*Exercise prompt*:
Each line of the material below is to be written out exactly. Leave out any picture.

*Record extracts*:

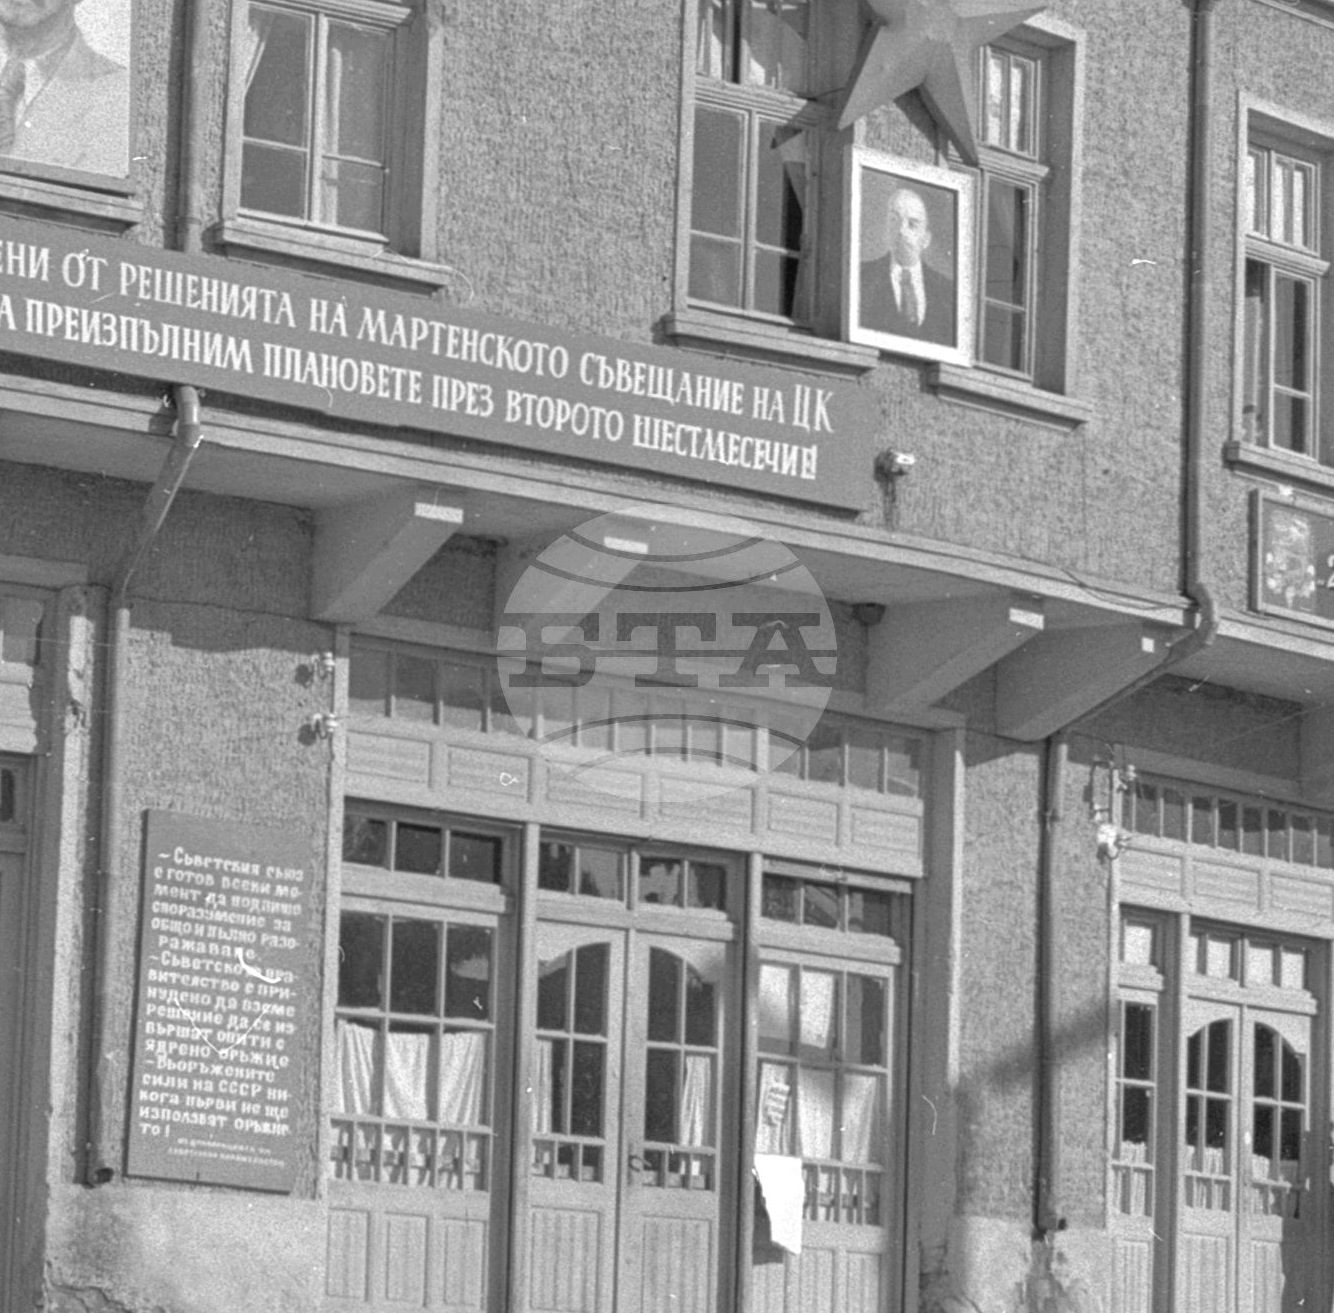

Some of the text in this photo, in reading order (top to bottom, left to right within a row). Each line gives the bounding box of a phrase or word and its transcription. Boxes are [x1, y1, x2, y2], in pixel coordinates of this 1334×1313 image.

[26, 299, 254, 375] ПРЕИЗПЪЛНИМ
[264, 343, 423, 404] ПЛАНОВЕТЕ
[432, 375, 495, 417] ПРЕЗ
[505, 390, 624, 442] ВТОРОТО
[63, 252, 107, 291] ОТ
[120, 262, 296, 328] РЕШЕНИЯТА
[308, 297, 348, 337] НА
[357, 307, 568, 379] МАРТЕНСКОТО
[579, 352, 744, 415] СЪВЕЩАНИЕ
[752, 386, 785, 424] НА
[792, 384, 835, 433] ЦК

*Reply*:
Some of the text in this photo, in reading order (top to bottom, left to right within a row). Each line gives the bounding box of a phrase or word and its transcription. Boxes are [x1, y1, x2, y2], in pixel coordinates of this 1334×1313 image.

[26, 299, 254, 375] ПРЕИЗПЪЛНИМ
[264, 343, 423, 404] ПЛАНОВЕТЕ
[432, 375, 495, 417] ПРЕЗ
[505, 390, 624, 442] ВТОРОТО
[63, 252, 107, 291] ОТ
[120, 262, 296, 328] РЕШЕНИЯТА
[308, 297, 348, 337] НА
[357, 307, 568, 379] МАРТЕНСКОТО
[579, 352, 744, 415] СЪВЕЩАНИЕ
[752, 386, 785, 424] НА
[792, 384, 835, 433] ЦК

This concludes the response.